Records from a dataset
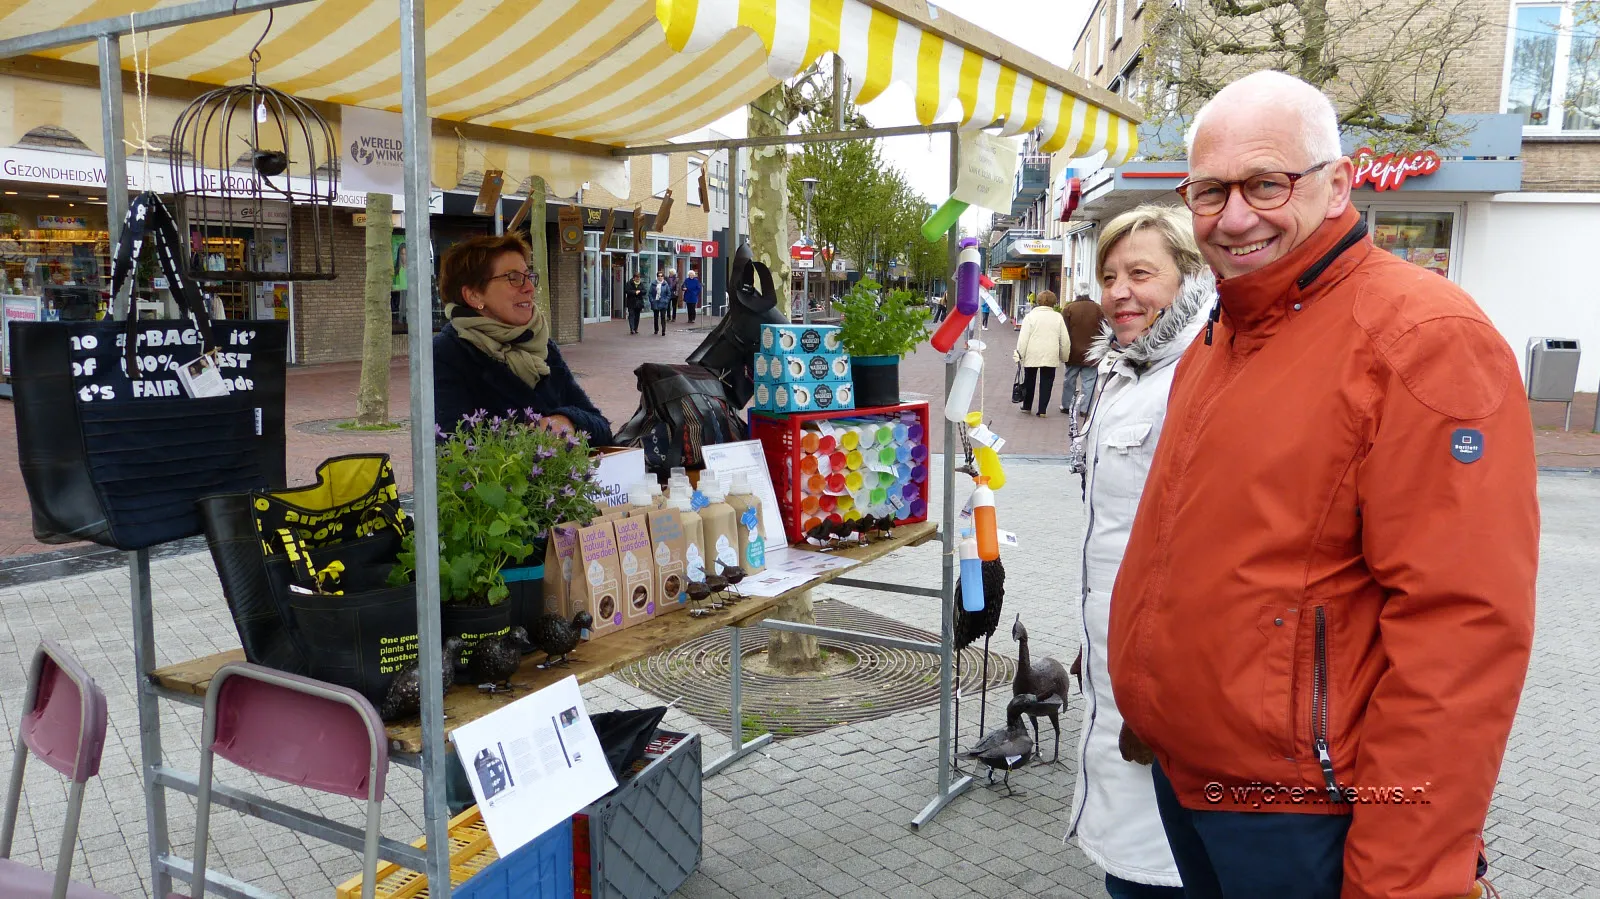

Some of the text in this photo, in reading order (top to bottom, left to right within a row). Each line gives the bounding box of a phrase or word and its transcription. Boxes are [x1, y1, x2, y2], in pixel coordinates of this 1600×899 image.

[360, 136, 403, 151] WERELD
[375, 149, 404, 162] WINK
[4, 159, 138, 187] GEZONDHEIDSWEL
[331, 190, 367, 205] DROGISTE
[115, 329, 204, 348] arBAG
[132, 379, 180, 398] FAIR
[380, 634, 419, 645] One gene
[380, 645, 405, 656] plants
[380, 653, 418, 664] Another
[380, 665, 393, 674] the

What to do
Copy each line above precisely, dropping the pictures.

Result
Some of the text in this photo, in reading order (top to bottom, left to right within a row). Each line gives the bounding box of a phrase or word and its transcription. Boxes are [x1, y1, x2, y2], in pixel coordinates of this 1600×899 image.

[360, 136, 403, 151] WERELD
[375, 149, 404, 162] WINK
[4, 159, 138, 187] GEZONDHEIDSWEL
[331, 190, 367, 205] DROGISTE
[115, 329, 204, 348] arBAG
[132, 379, 180, 398] FAIR
[380, 634, 419, 645] One gene
[380, 645, 405, 656] plants
[380, 653, 418, 664] Another
[380, 665, 393, 674] the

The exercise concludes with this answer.